Re: | Ternium S.A. |
Form 20-F for the Fiscal Year Ended December 31, 2010
Filed June 30, 2011
File No. 1-37234
Dear Mr. O’ Brien:
Set out below are the responses of Ternium S.A. (“Ternium” or the “Company”), to the comments of the Staff of the United States Securities and Exchange Commission (the “Staff”) set forth in its letter dated October 28, 2011, to Mr. Pablo Brizzio, the Company’s Chief Financial Officer, and received by the Company on October 31, 2011.
The responses below are keyed to the headings indicated in the Staff’s comments and are designated with the letter “R” below the comment number. The comments themselves are set forth in boldface type. Unless otherwise indicated, all references are to the Company’s annual report on Form 20-F for the fiscal year ended December 31, 2010.
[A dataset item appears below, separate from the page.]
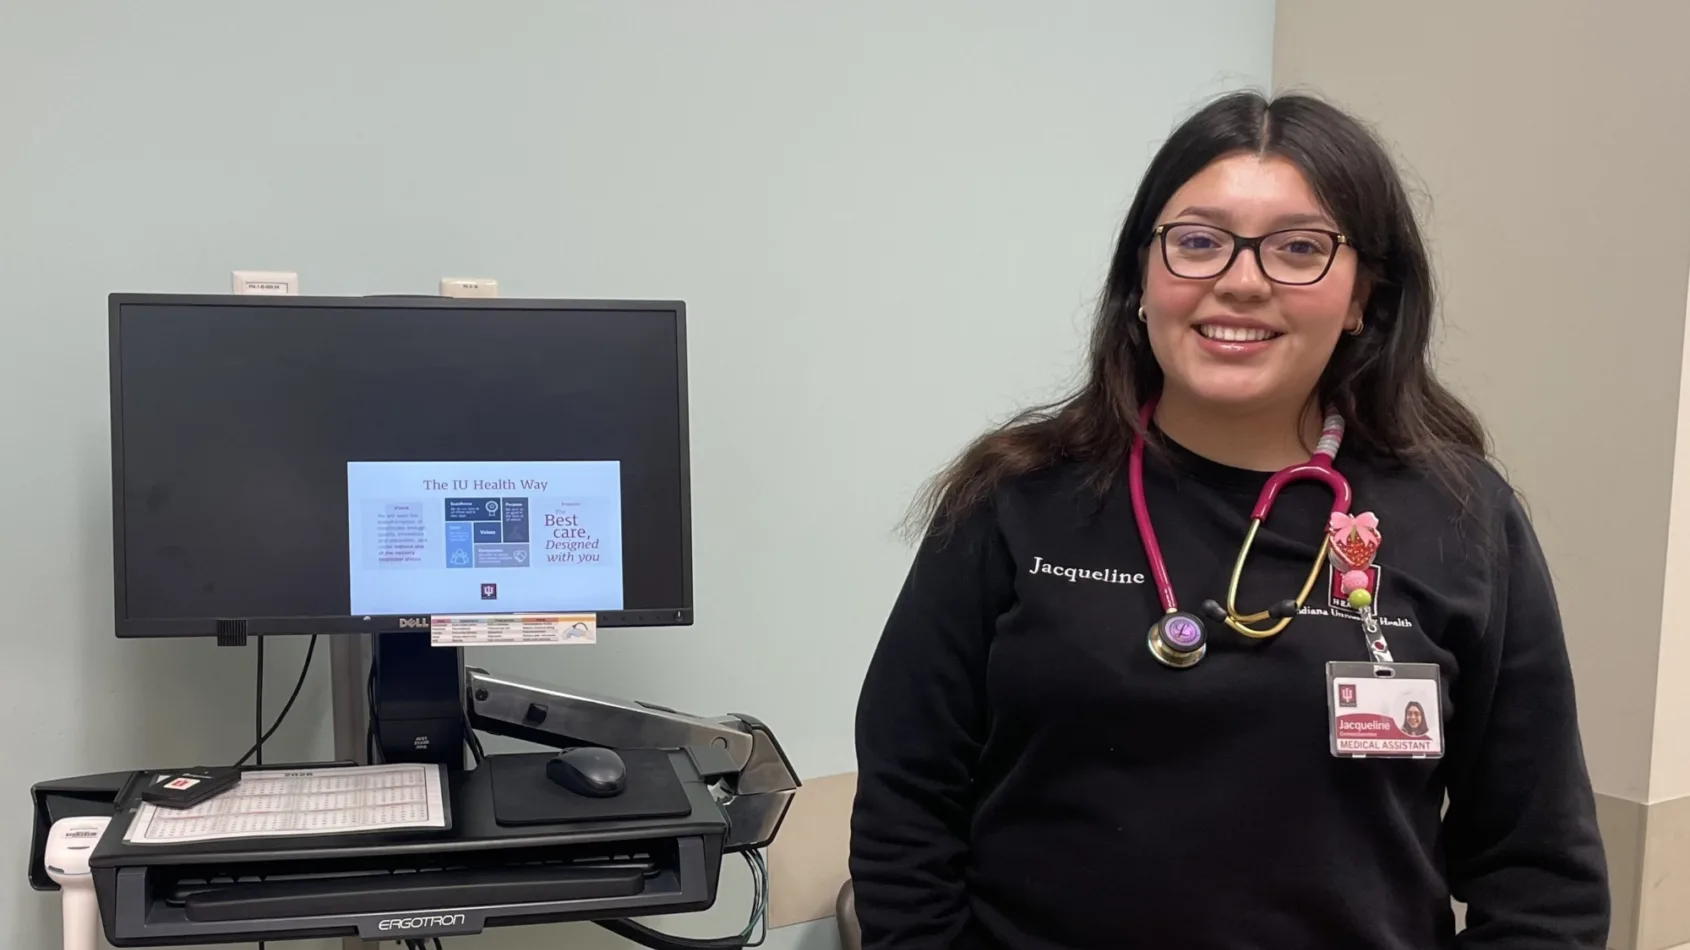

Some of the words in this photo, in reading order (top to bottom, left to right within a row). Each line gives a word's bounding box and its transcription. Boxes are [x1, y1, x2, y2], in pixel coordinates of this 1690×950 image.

1. | We note your response to our previous comment number 9 in our letter dated September 29, 2011. We believe disclosing the expected mining life for each of your mines would provide useful information to investors. Please provide the requested information in future filings. |
R: | The Company acknowledges the Staff’s comment and advises the Staff that in future filings it will provide the requested information for each mining operation. |
2. | Additionally, please disclose the utilization for each of your iron ore mining facilities as required by Item 4.D of Form 20-F. |
R: | The Company acknowledges the Staff’s comment and advises the Staff that in future filings it will disclose the requested information for each mining operation. |
* * * * *
The Company acknowledges that it is responsible for the adequacy and accuracy of the disclosure in its filings. In addition, the Company acknowledges that the Staff’s comments or changes to the Company’s disclosure in response to the Staff’s comments do not foreclose the Commission from taking any action with respect to the Company’s filings and that the Company may not assert the Staff’s comments as a defense in any proceeding initiated by the Commission or any person under the federal securities laws of the United States.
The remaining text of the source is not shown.